▶ Task goal:
Repeat every entry exactly as it stands. Omit the images.

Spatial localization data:
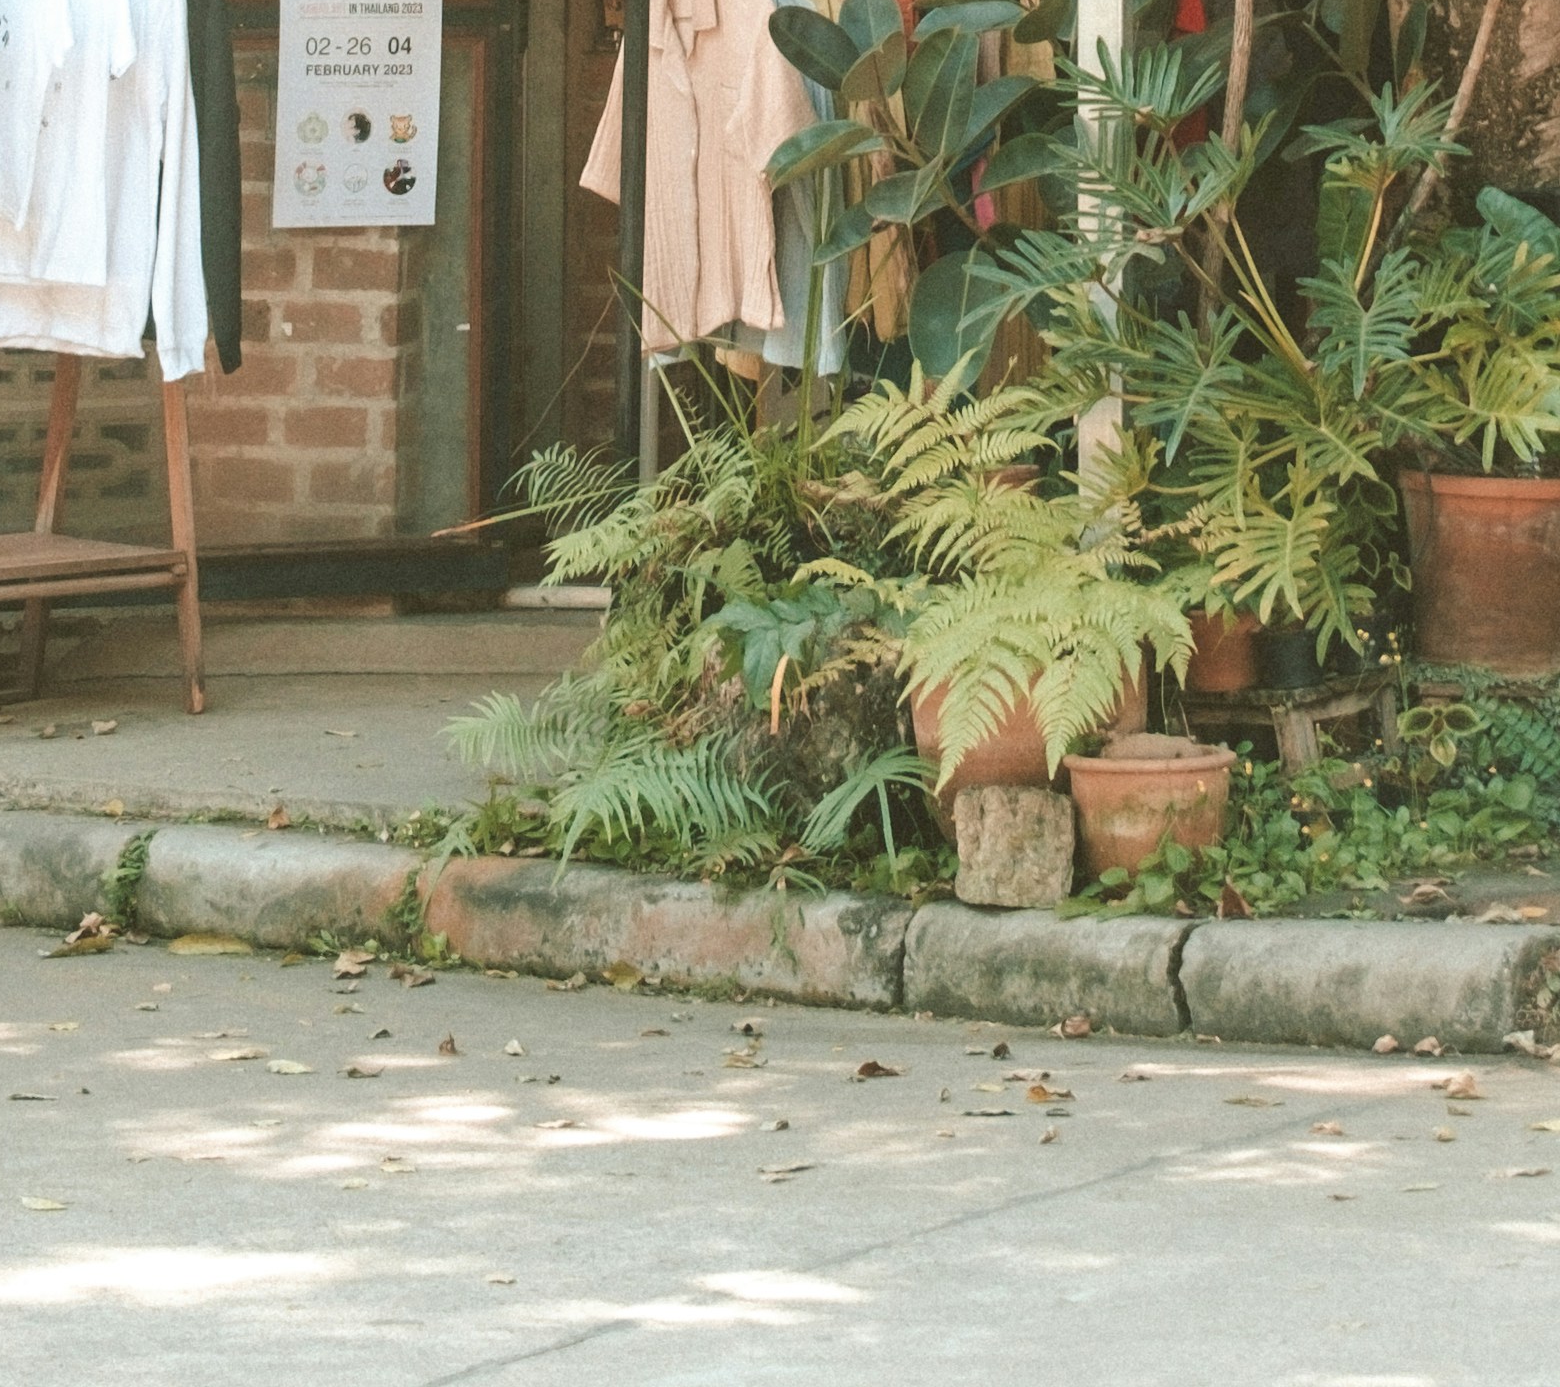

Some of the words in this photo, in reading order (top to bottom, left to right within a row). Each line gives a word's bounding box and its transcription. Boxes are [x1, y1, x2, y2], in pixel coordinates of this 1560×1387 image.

[348, 3, 358, 15] IN
[360, 2, 400, 14] THAILAND
[401, 2, 424, 14] 2023
[388, 36, 412, 55] 04
[306, 64, 380, 76] FEBRUARY
[383, 63, 413, 75] 2023
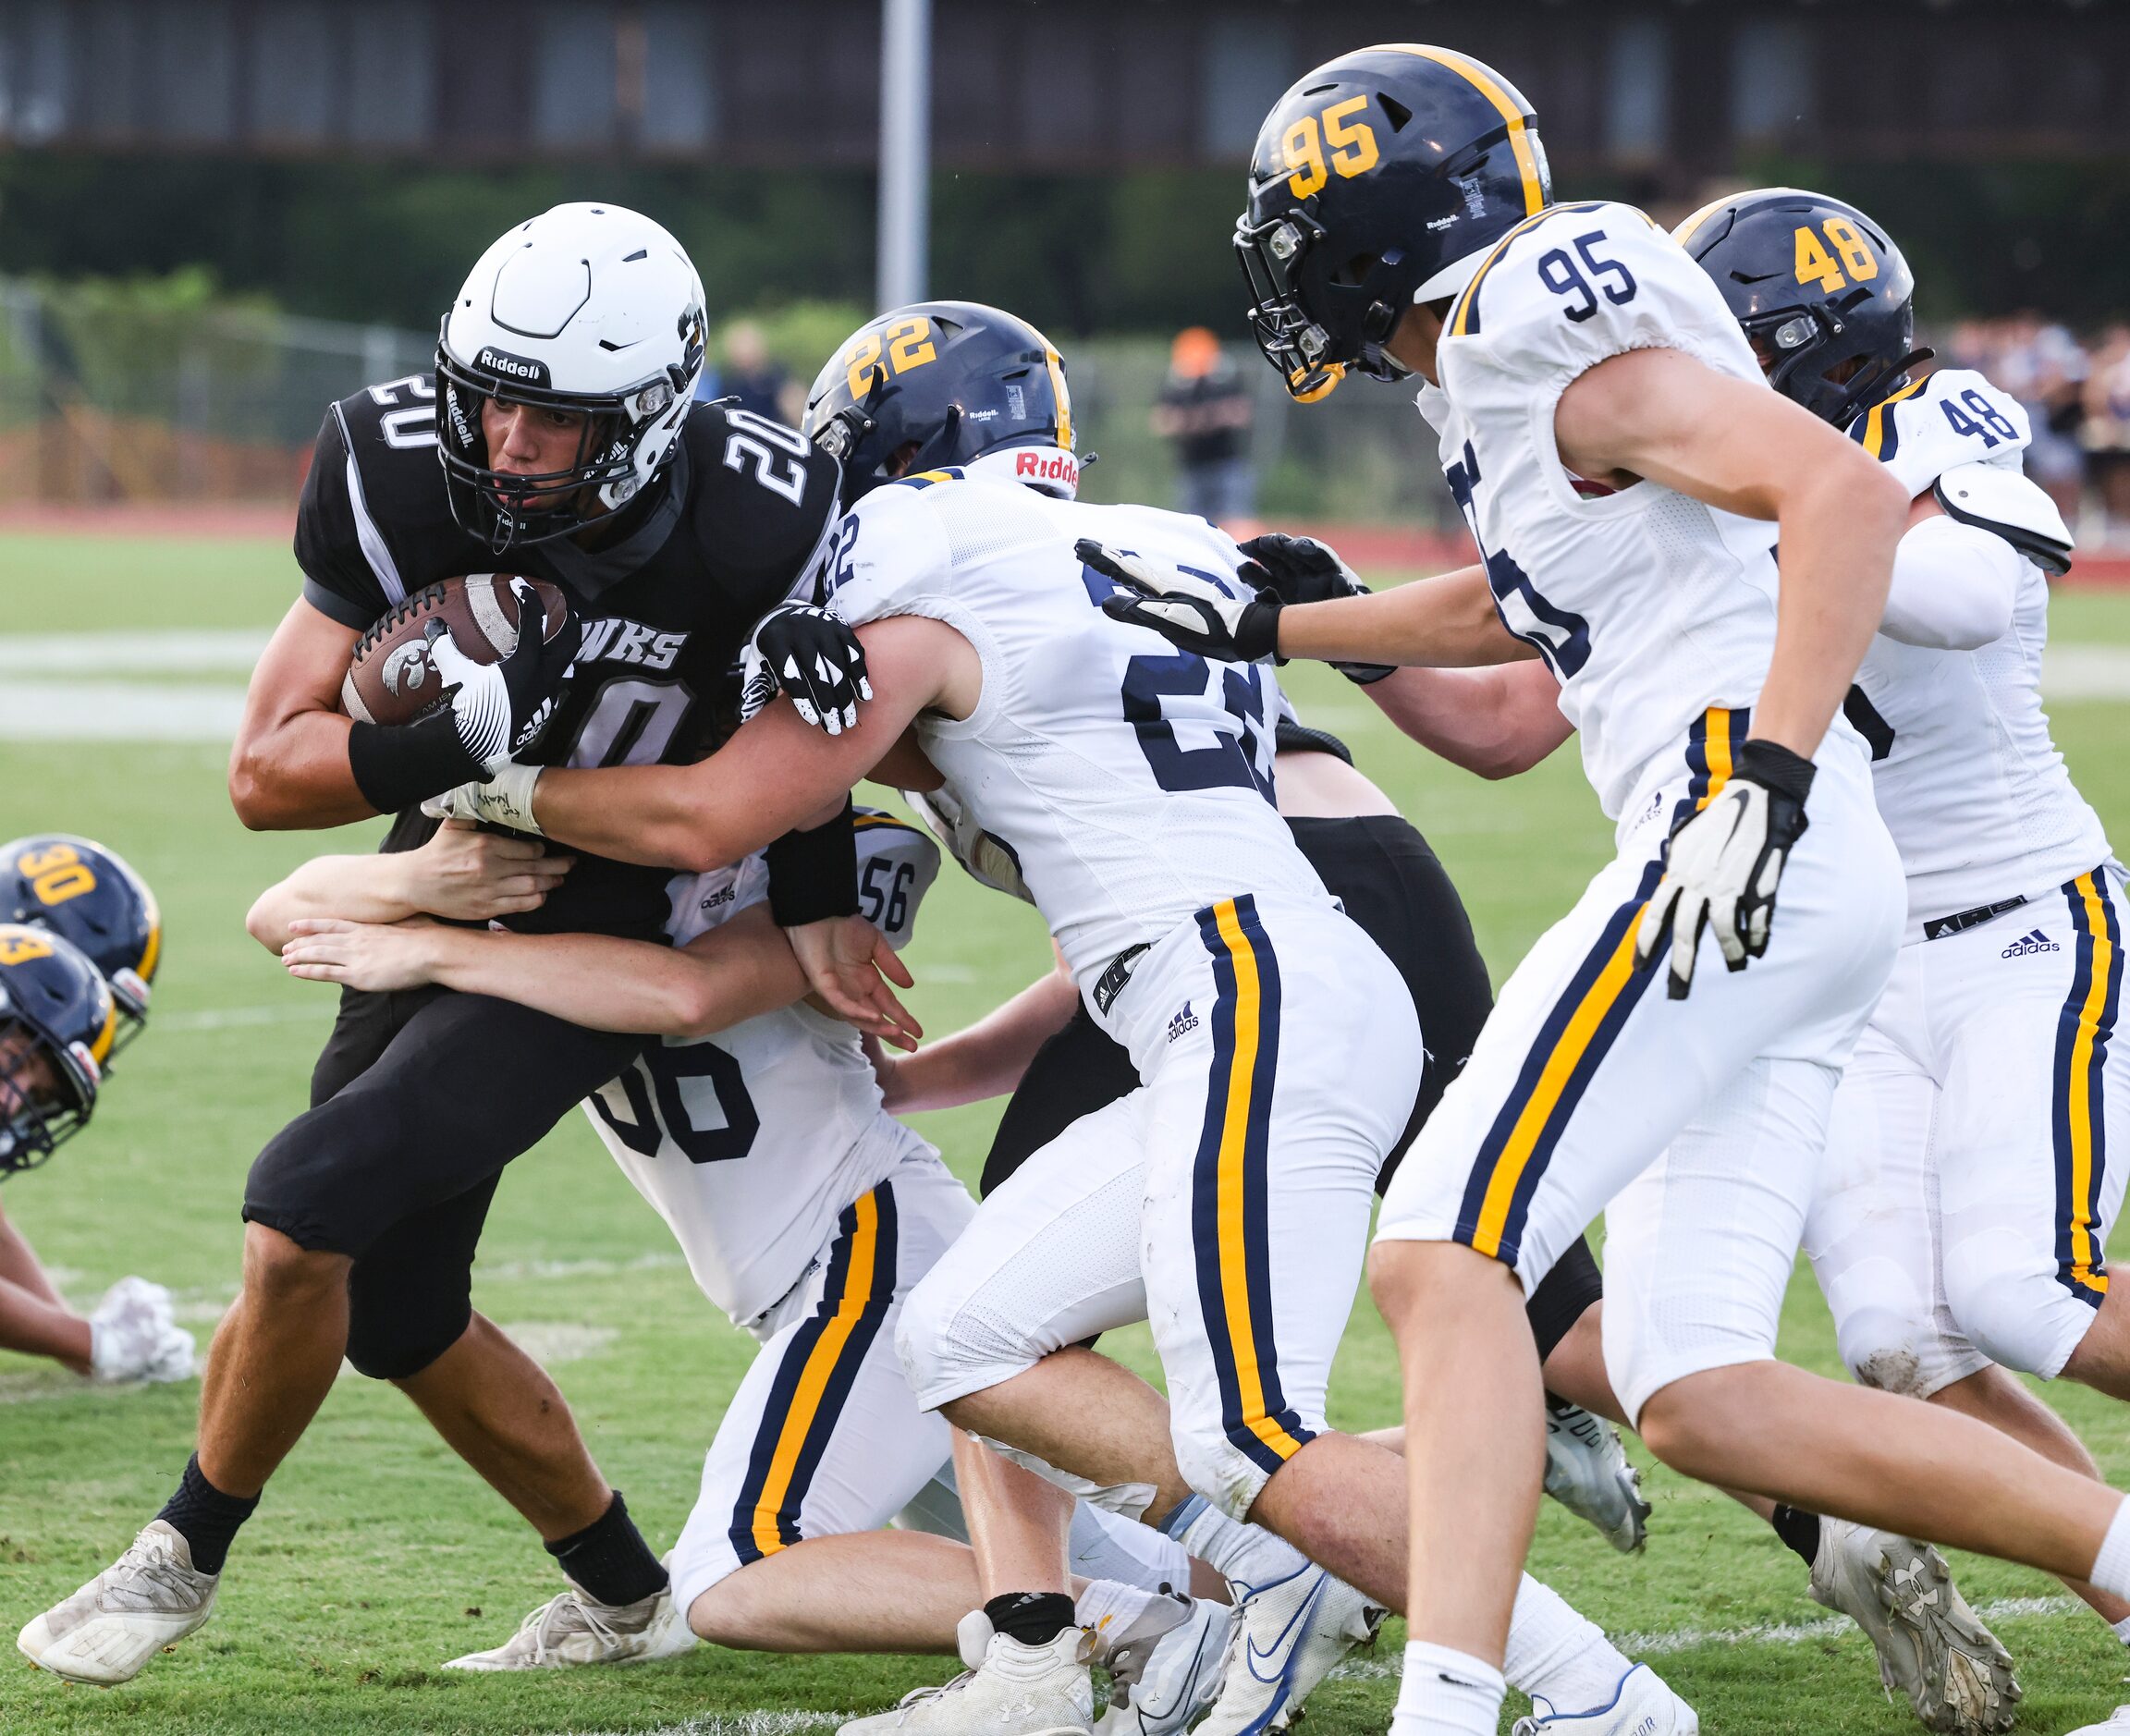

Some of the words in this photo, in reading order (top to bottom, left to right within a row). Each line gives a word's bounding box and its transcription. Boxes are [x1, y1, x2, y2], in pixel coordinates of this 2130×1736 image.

[1282, 94, 1379, 200] 95
[1538, 230, 1636, 323] 95
[1794, 217, 1879, 294] 48
[481, 350, 539, 380] Riddell
[845, 317, 936, 401] 22
[367, 375, 437, 449] 20
[447, 389, 474, 448] Riddell
[970, 409, 998, 420] Riddell
[1940, 389, 2019, 449] 48
[723, 409, 812, 508] 20
[1016, 452, 1079, 488] Ridde
[573, 618, 690, 670] WKS
[564, 679, 693, 769] 0
[18, 843, 96, 906] 30
[861, 857, 915, 934] 56
[2001, 942, 2061, 960] adidas
[1168, 1016, 1200, 1044] adidas

▶ Answer to this problem:
Some of the words in this photo, in reading order (top to bottom, left to right within a row). Each line gives a word's bounding box and its transcription. Boxes are [x1, y1, x2, y2], in pixel coordinates of this 1560×1387 image.

[348, 3, 358, 15] IN
[360, 2, 400, 14] THAILAND
[401, 2, 424, 14] 2023
[388, 36, 412, 55] 04
[306, 64, 380, 76] FEBRUARY
[383, 63, 413, 75] 2023

Some of the words in this photo, in reading order (top to bottom, left to right within a row). Each line gives a word's bounding box and its transcription. Boxes are [x1, y1, x2, y2], in pixel coordinates of this 2130×1736 image.

[1282, 94, 1379, 200] 95
[1538, 230, 1636, 323] 95
[1794, 217, 1879, 294] 48
[481, 350, 539, 380] Riddell
[845, 317, 936, 401] 22
[367, 375, 437, 449] 20
[447, 389, 474, 448] Riddell
[970, 409, 998, 420] Riddell
[1940, 389, 2019, 449] 48
[723, 409, 812, 508] 20
[1016, 452, 1079, 488] Ridde
[573, 618, 690, 670] WKS
[564, 679, 693, 769] 0
[18, 843, 96, 906] 30
[861, 857, 915, 934] 56
[2001, 942, 2061, 960] adidas
[1168, 1016, 1200, 1044] adidas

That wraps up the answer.